**What this task involves**: Could each entry below be written out exactly, with every picture dropped?

**Extracted data**:

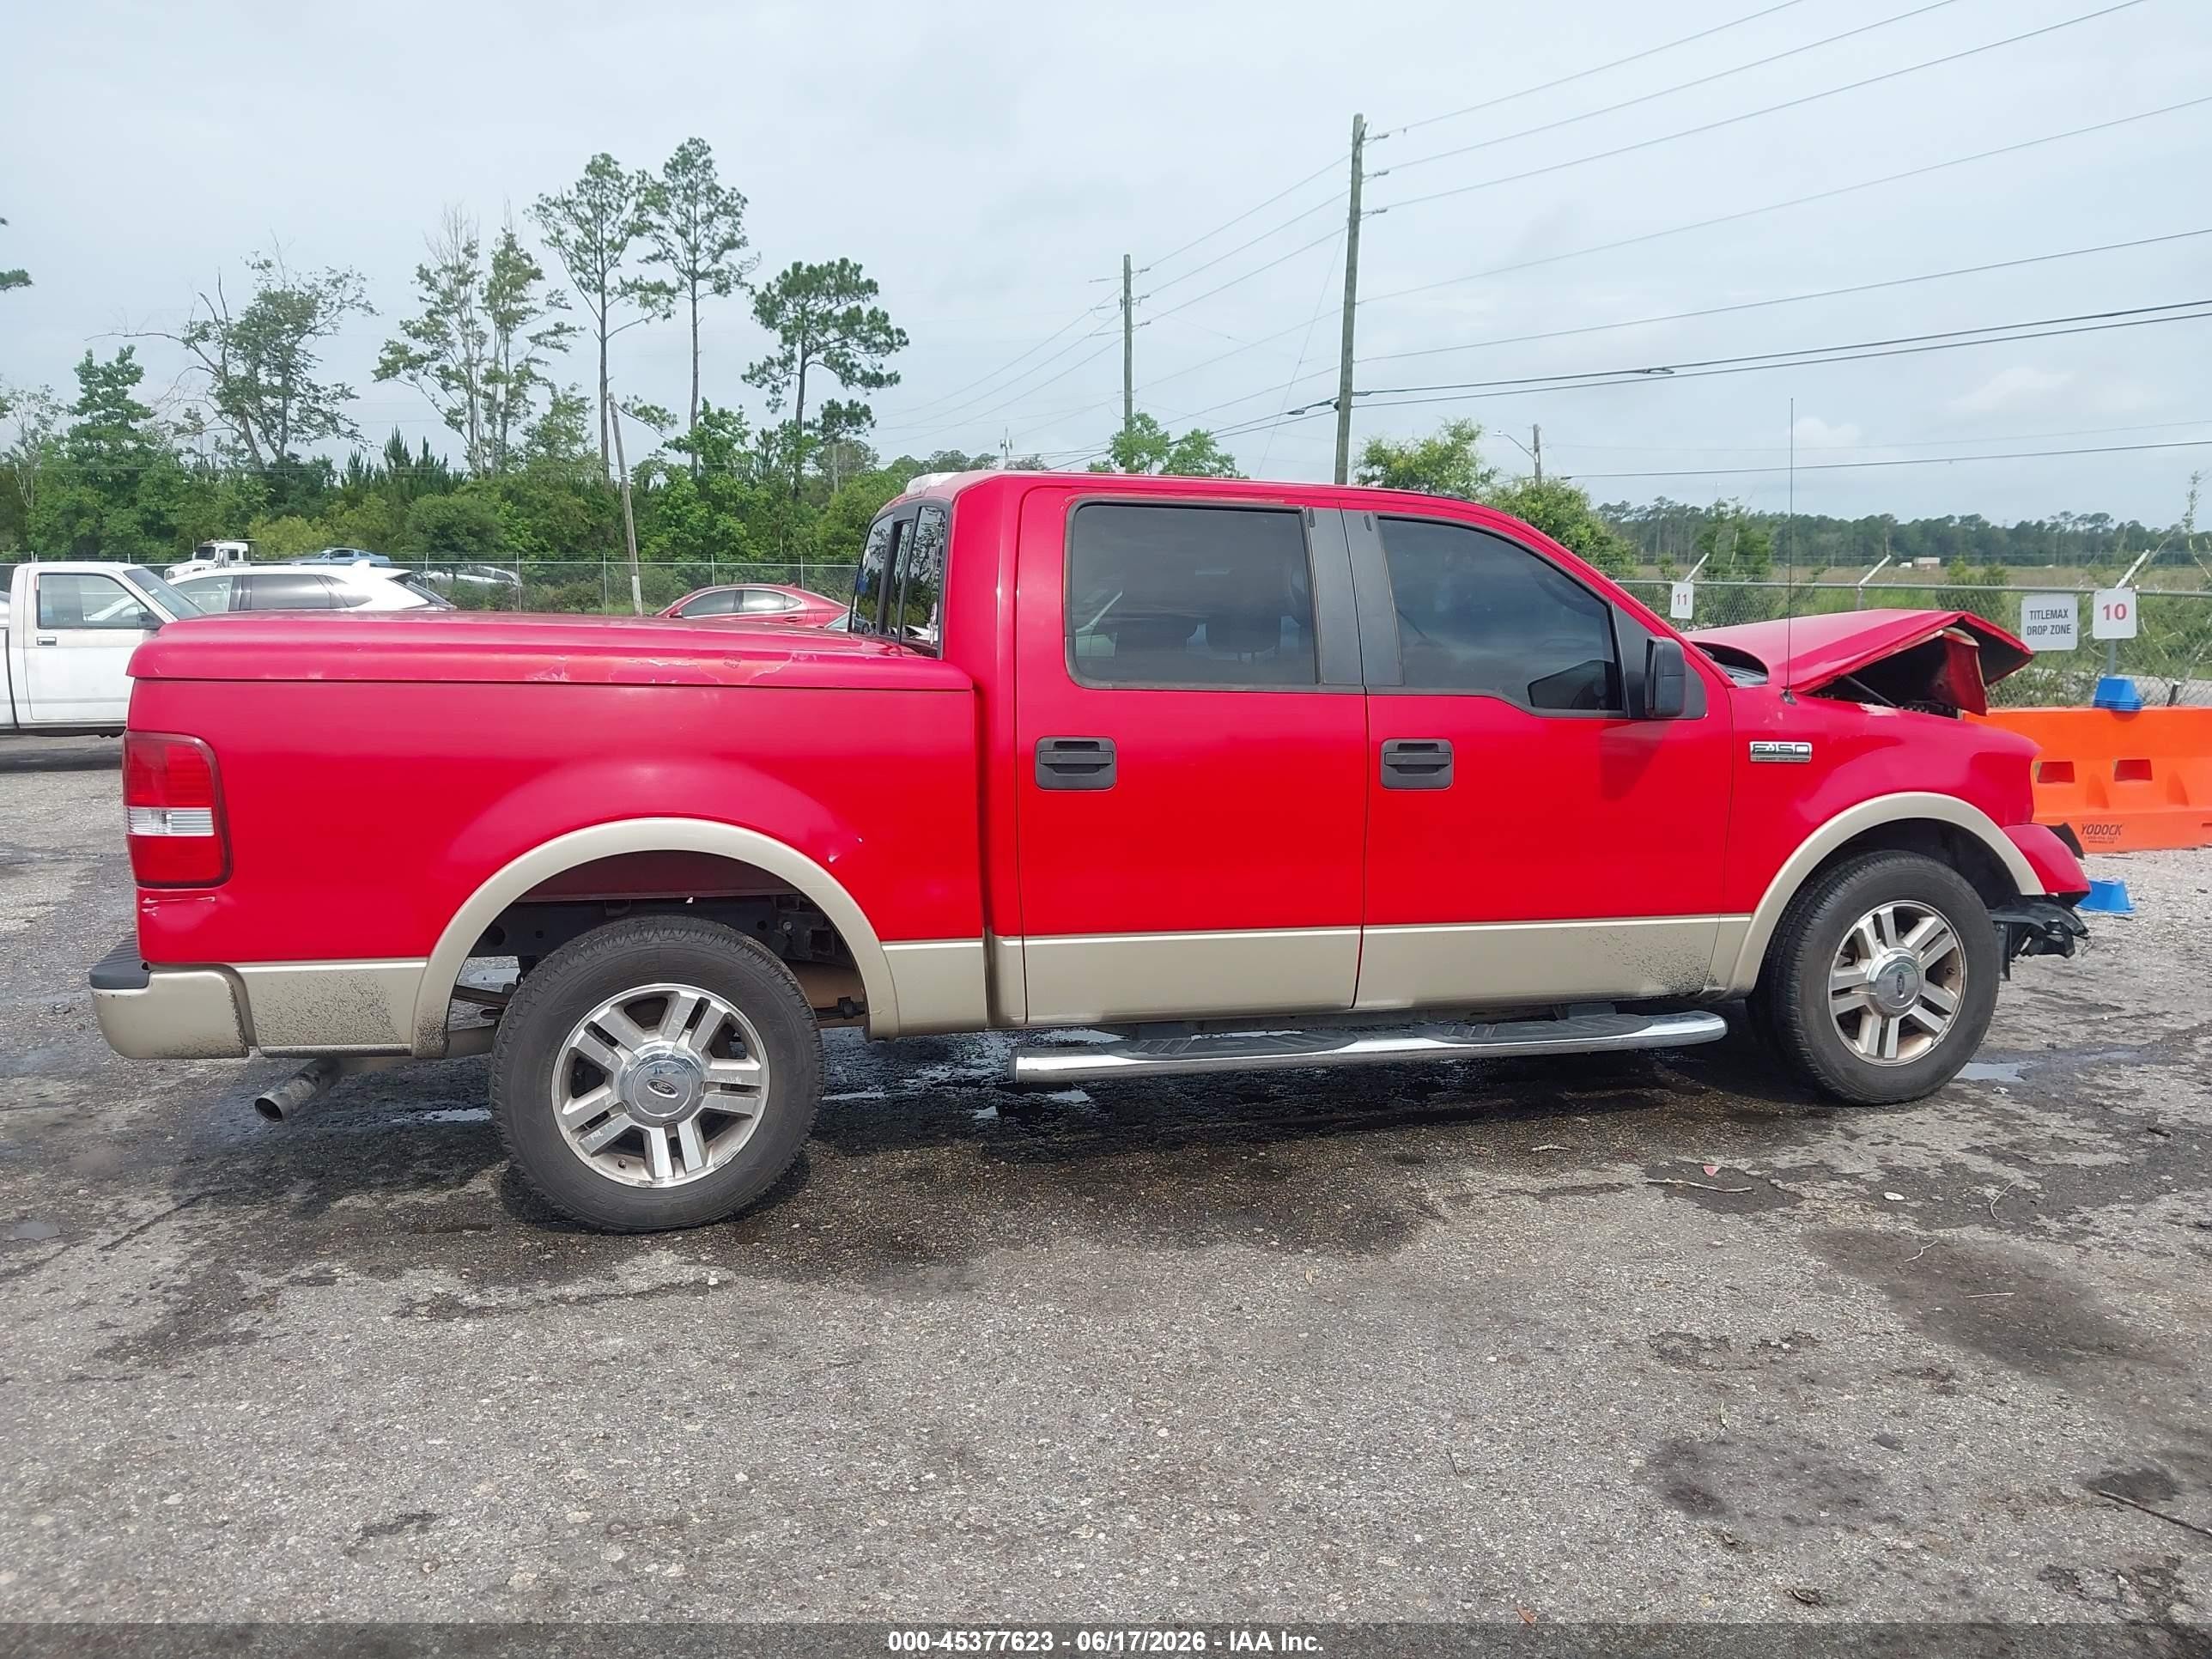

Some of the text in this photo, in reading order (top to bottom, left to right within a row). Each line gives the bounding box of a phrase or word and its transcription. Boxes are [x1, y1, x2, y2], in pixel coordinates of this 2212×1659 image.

[1676, 593, 1687, 605] 11
[2029, 609, 2069, 620] TITLEMAX
[2102, 603, 2127, 621] 10
[2027, 623, 2072, 635] DROP ZONE
[2081, 823, 2123, 836] YODOCK
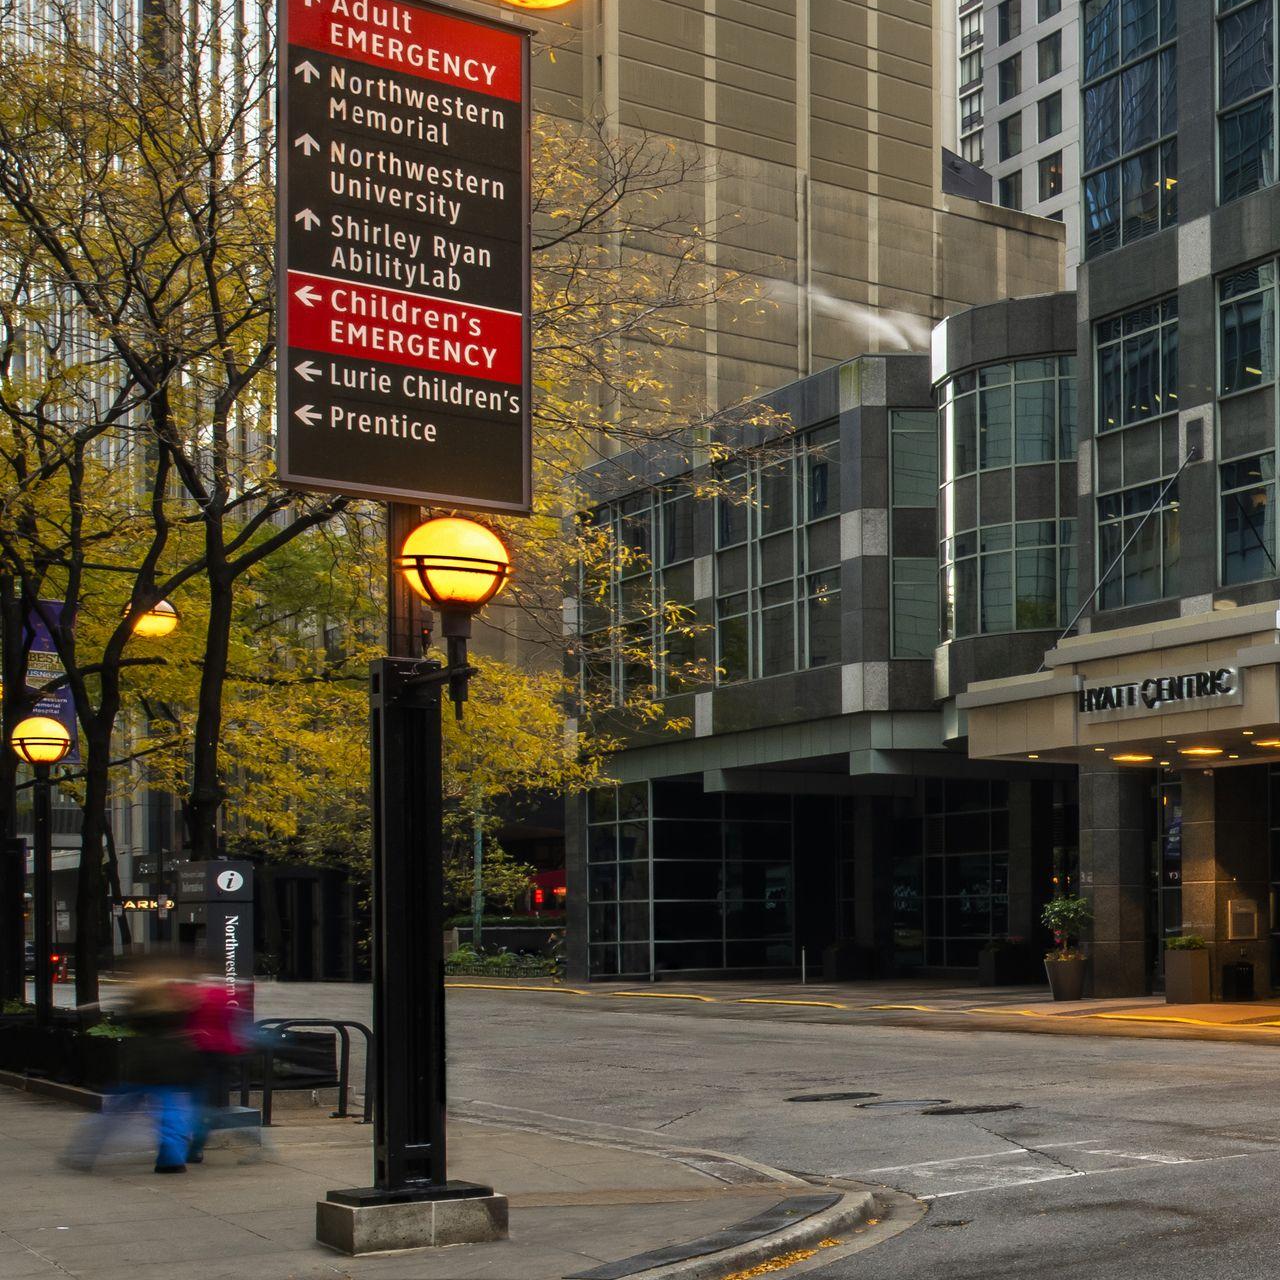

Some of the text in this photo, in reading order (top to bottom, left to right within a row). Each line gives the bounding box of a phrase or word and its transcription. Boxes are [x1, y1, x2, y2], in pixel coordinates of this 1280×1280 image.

[330, 23, 497, 85] EMERGENCY
[329, 97, 449, 146] Memorial
[330, 66, 505, 129] Northwestern
[330, 140, 505, 200] Northwestern
[331, 171, 461, 224] University
[331, 215, 491, 268] Shirley Ryan
[331, 246, 461, 291] AbilityLab
[331, 289, 482, 337] Children's
[331, 320, 497, 369] EMERGENCY
[331, 363, 520, 414] Lurie Children's
[330, 406, 437, 442] Prentice
[1079, 668, 1235, 713] HYATT CENTRIC
[225, 915, 239, 996] Northwestern
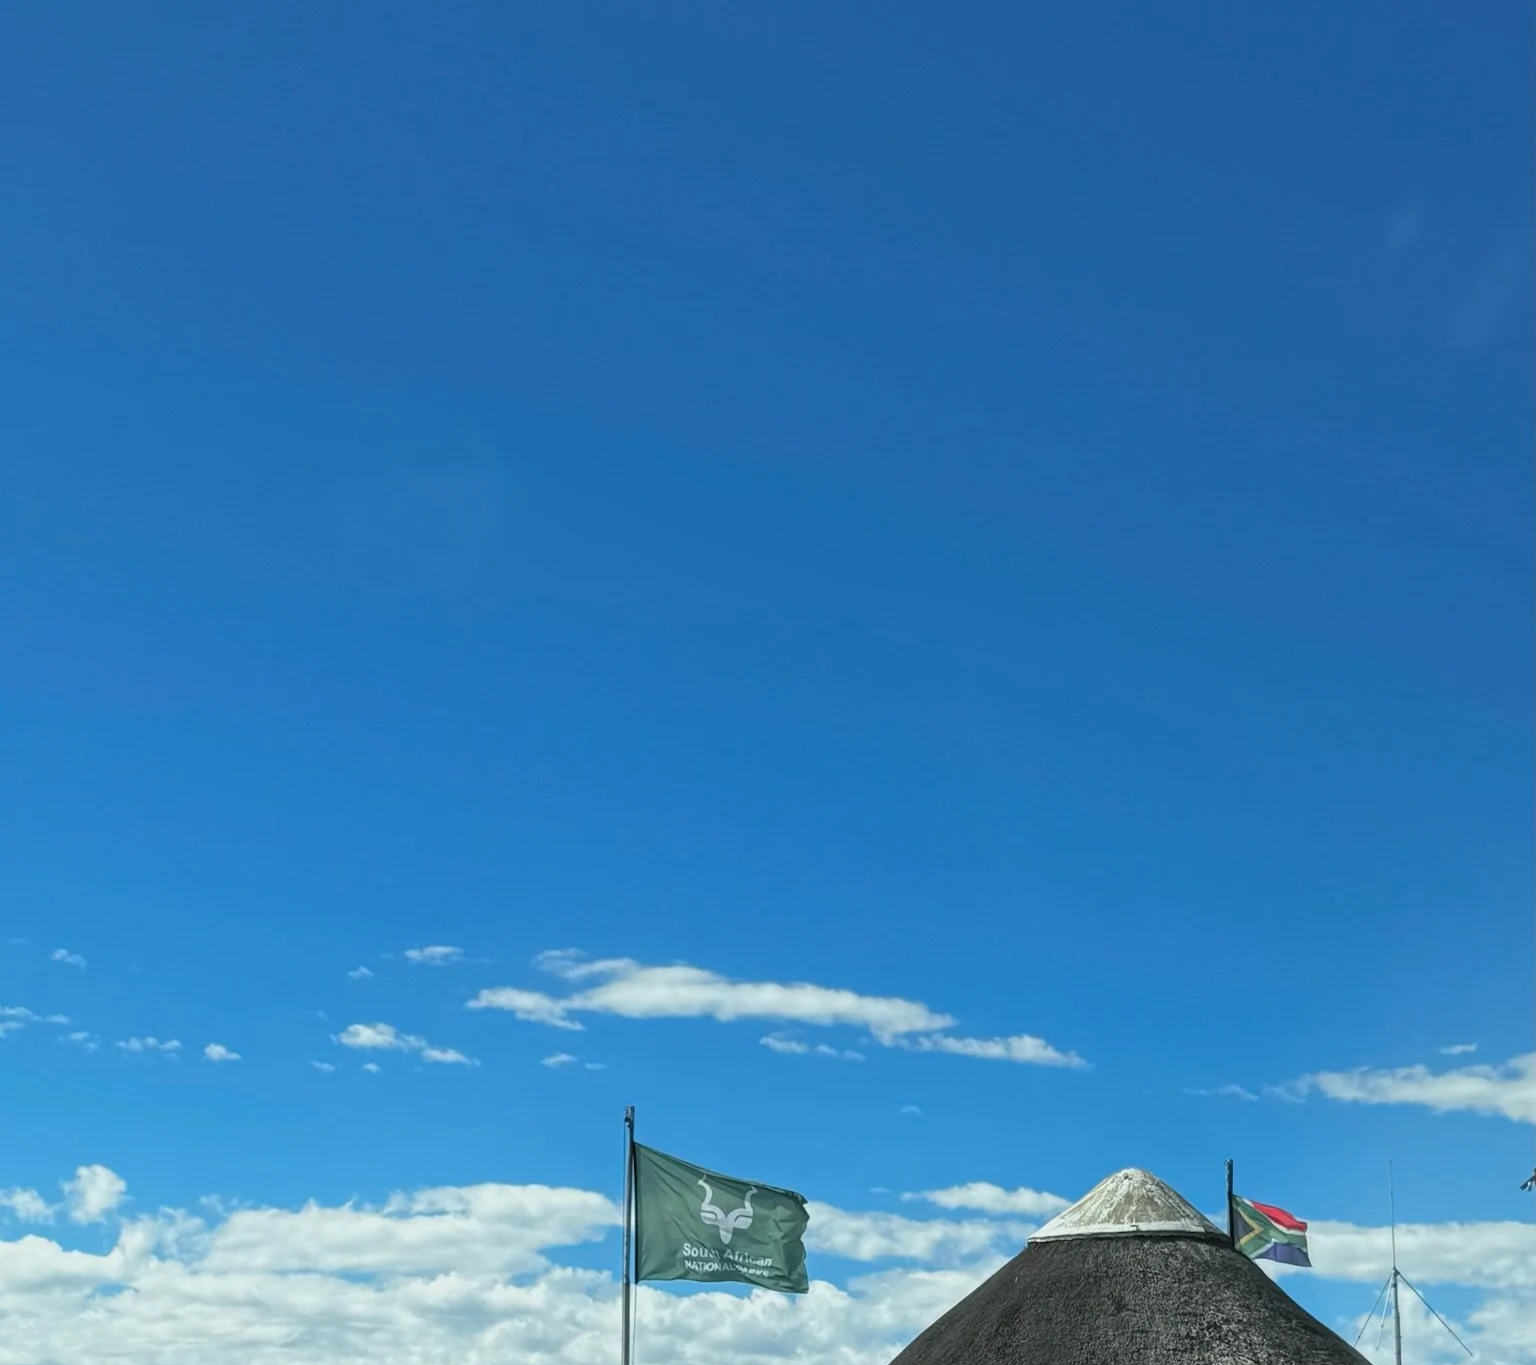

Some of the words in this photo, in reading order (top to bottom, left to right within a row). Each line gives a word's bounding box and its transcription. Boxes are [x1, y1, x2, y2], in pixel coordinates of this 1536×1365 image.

**Response to the exercise**:
Some of the text in this photo, in reading order (top to bottom, left to right within a row). Each line gives the bounding box of a phrase or word and its transcription. Boxes are [x1, y1, x2, y2], in pixel coordinates of this 2212×1659 image.

[1676, 593, 1687, 605] 11
[2029, 609, 2069, 620] TITLEMAX
[2102, 603, 2127, 621] 10
[2027, 623, 2072, 635] DROP ZONE
[2081, 823, 2123, 836] YODOCK

Some of the text in this photo, in reading order (top to bottom, left to right within a row). Each line gives the bounding box of a phrase or word and its transcription. Boxes are [x1, y1, x2, y2], in pixel coordinates of this 1280×1280 image.

[330, 23, 497, 85] EMERGENCY
[329, 97, 449, 146] Memorial
[330, 66, 505, 129] Northwestern
[330, 140, 505, 200] Northwestern
[331, 171, 461, 224] University
[331, 215, 491, 268] Shirley Ryan
[331, 246, 461, 291] AbilityLab
[331, 289, 482, 337] Children's
[331, 320, 497, 369] EMERGENCY
[331, 363, 520, 414] Lurie Children's
[330, 406, 437, 442] Prentice
[1079, 668, 1235, 713] HYATT CENTRIC
[225, 915, 239, 996] Northwestern

Some of the words in this photo, in reading order (top to bottom, left to right within a row). Each line gives a word's bounding box and its transcription. Boxes are [x1, y1, x2, y2], in pixel coordinates of this 1536×1365 image.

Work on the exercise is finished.